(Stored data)
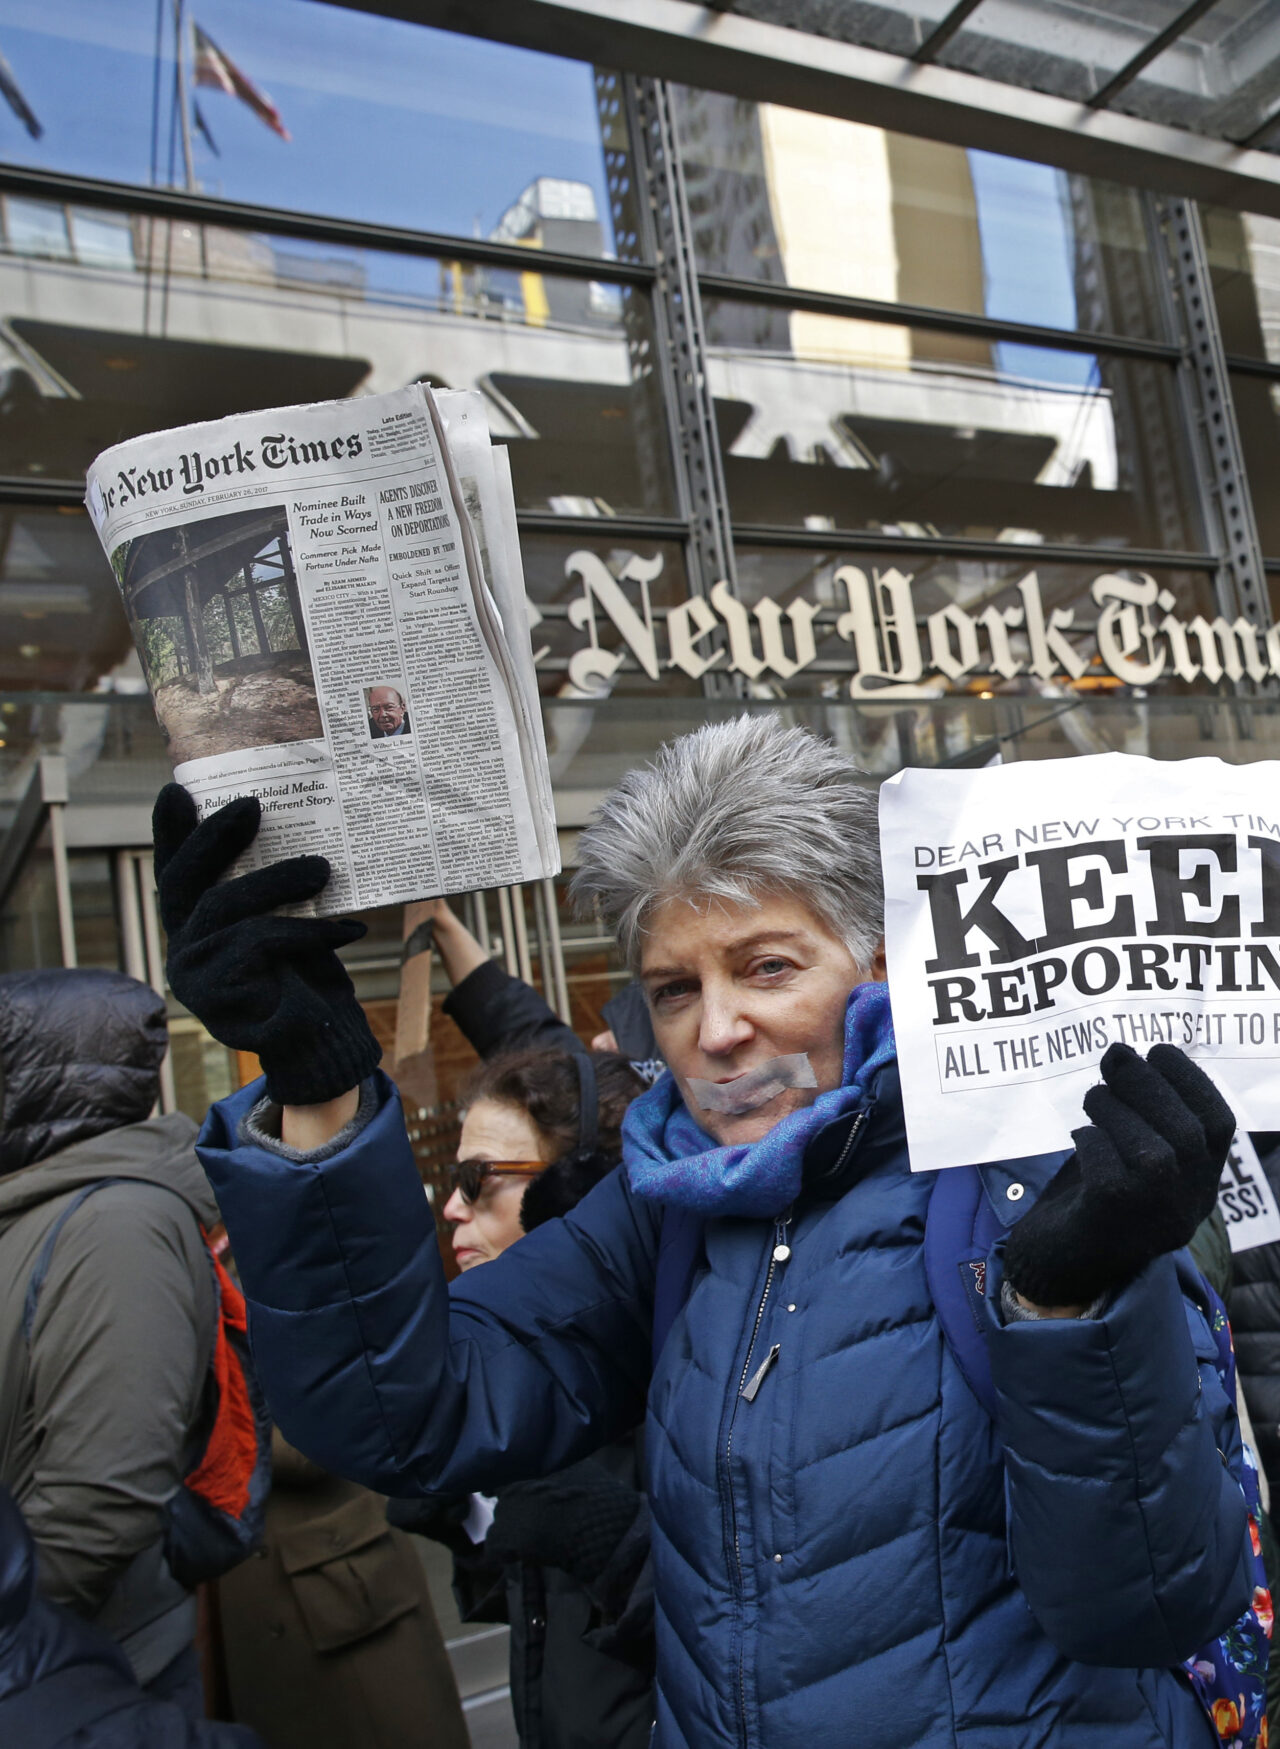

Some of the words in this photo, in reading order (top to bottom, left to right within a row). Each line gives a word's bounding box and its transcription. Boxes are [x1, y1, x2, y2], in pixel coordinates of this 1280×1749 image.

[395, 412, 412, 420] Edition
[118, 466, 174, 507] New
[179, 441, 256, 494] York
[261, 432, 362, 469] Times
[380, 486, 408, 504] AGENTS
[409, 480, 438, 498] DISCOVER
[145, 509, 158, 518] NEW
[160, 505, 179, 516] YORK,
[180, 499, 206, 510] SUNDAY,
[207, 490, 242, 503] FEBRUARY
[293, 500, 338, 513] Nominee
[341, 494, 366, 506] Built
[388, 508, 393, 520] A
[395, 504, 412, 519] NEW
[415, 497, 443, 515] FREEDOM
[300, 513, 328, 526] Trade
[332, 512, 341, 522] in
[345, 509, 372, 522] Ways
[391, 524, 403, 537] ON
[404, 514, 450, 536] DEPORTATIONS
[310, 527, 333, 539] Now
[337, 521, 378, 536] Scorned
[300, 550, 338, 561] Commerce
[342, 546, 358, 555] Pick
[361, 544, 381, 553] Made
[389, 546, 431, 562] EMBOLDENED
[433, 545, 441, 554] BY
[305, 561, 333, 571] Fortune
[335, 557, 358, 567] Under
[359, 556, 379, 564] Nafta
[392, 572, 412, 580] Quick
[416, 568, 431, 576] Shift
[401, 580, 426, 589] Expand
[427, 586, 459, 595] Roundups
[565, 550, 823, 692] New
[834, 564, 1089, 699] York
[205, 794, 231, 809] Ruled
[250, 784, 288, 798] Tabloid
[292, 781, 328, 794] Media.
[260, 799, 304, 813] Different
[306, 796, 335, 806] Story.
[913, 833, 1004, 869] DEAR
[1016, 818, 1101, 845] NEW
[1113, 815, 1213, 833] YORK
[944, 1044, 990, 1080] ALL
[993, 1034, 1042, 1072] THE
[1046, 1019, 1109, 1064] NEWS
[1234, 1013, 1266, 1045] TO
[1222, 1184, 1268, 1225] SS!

Exercise objective: Make an exact copy of the records above, one that has none of the pictures.

Response:
Some of the words in this photo, in reading order (top to bottom, left to right within a row). Each line gives a word's bounding box and its transcription. Boxes are [x1, y1, x2, y2], in pixel coordinates of this 1280×1749 image.

[395, 412, 412, 420] Edition
[118, 466, 174, 507] New
[179, 441, 256, 494] York
[261, 432, 362, 469] Times
[380, 486, 408, 504] AGENTS
[409, 480, 438, 498] DISCOVER
[145, 509, 158, 518] NEW
[160, 505, 179, 516] YORK,
[180, 499, 206, 510] SUNDAY,
[207, 490, 242, 503] FEBRUARY
[293, 500, 338, 513] Nominee
[341, 494, 366, 506] Built
[388, 508, 393, 520] A
[395, 504, 412, 519] NEW
[415, 497, 443, 515] FREEDOM
[300, 513, 328, 526] Trade
[332, 512, 341, 522] in
[345, 509, 372, 522] Ways
[391, 524, 403, 537] ON
[404, 514, 450, 536] DEPORTATIONS
[310, 527, 333, 539] Now
[337, 521, 378, 536] Scorned
[300, 550, 338, 561] Commerce
[342, 546, 358, 555] Pick
[361, 544, 381, 553] Made
[389, 546, 431, 562] EMBOLDENED
[433, 545, 441, 554] BY
[305, 561, 333, 571] Fortune
[335, 557, 358, 567] Under
[359, 556, 379, 564] Nafta
[392, 572, 412, 580] Quick
[416, 568, 431, 576] Shift
[401, 580, 426, 589] Expand
[427, 586, 459, 595] Roundups
[565, 550, 823, 692] New
[834, 564, 1089, 699] York
[205, 794, 231, 809] Ruled
[250, 784, 288, 798] Tabloid
[292, 781, 328, 794] Media.
[260, 799, 304, 813] Different
[306, 796, 335, 806] Story.
[913, 833, 1004, 869] DEAR
[1016, 818, 1101, 845] NEW
[1113, 815, 1213, 833] YORK
[944, 1044, 990, 1080] ALL
[993, 1034, 1042, 1072] THE
[1046, 1019, 1109, 1064] NEWS
[1234, 1013, 1266, 1045] TO
[1222, 1184, 1268, 1225] SS!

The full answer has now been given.